◆ TASK ITEM ◆
Transcribe each entry below exactly. Pictures do not go in the copy.

(PROVIDED DATA Opens)

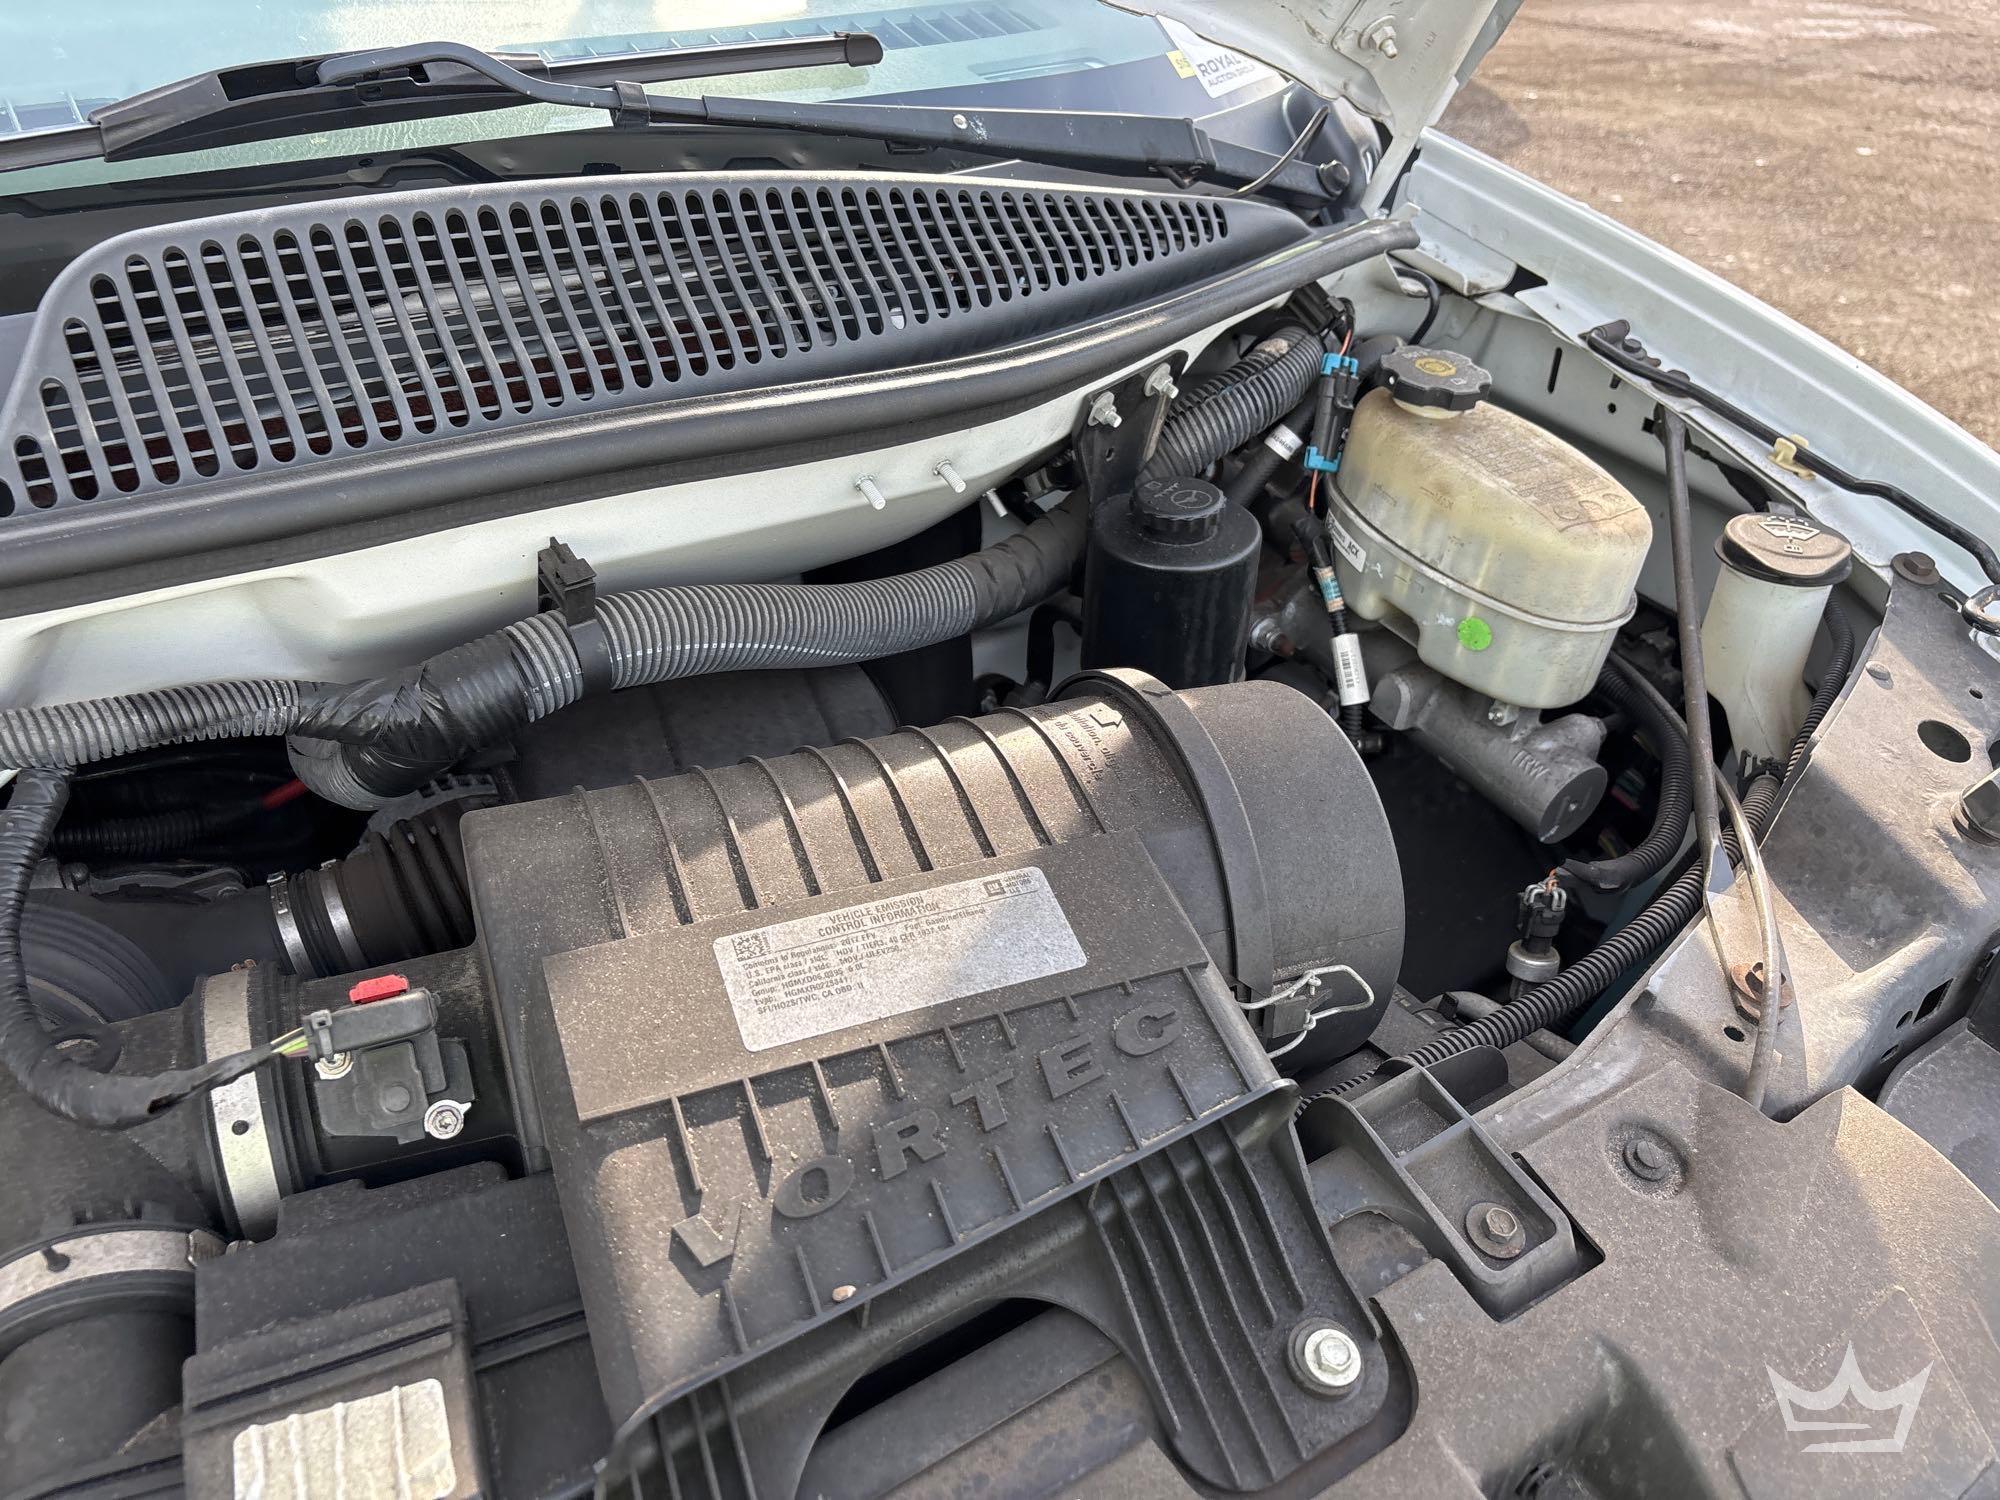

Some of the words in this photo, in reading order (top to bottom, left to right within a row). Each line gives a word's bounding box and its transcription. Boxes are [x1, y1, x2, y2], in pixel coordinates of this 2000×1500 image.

[1197, 53, 1241, 78] ROYAL
[818, 919, 867, 937] CONTROL
[870, 902, 940, 924] INFORMATION
[829, 908, 872, 925] VEHICLE
[875, 895, 923, 913] EMISSION
[670, 1004, 1184, 1268] VORTEC

(PROVIDED DATA Closes)

◆ EXERCISE RESPONSE ◆
Some of the words in this photo, in reading order (top to bottom, left to right within a row). Each line gives a word's bounding box and its transcription. Boxes are [x1, y1, x2, y2], in pixel coordinates of this 2000×1500 image.

[1197, 53, 1241, 78] ROYAL
[818, 919, 867, 937] CONTROL
[870, 902, 940, 924] INFORMATION
[829, 908, 872, 925] VEHICLE
[875, 895, 923, 913] EMISSION
[670, 1004, 1184, 1268] VORTEC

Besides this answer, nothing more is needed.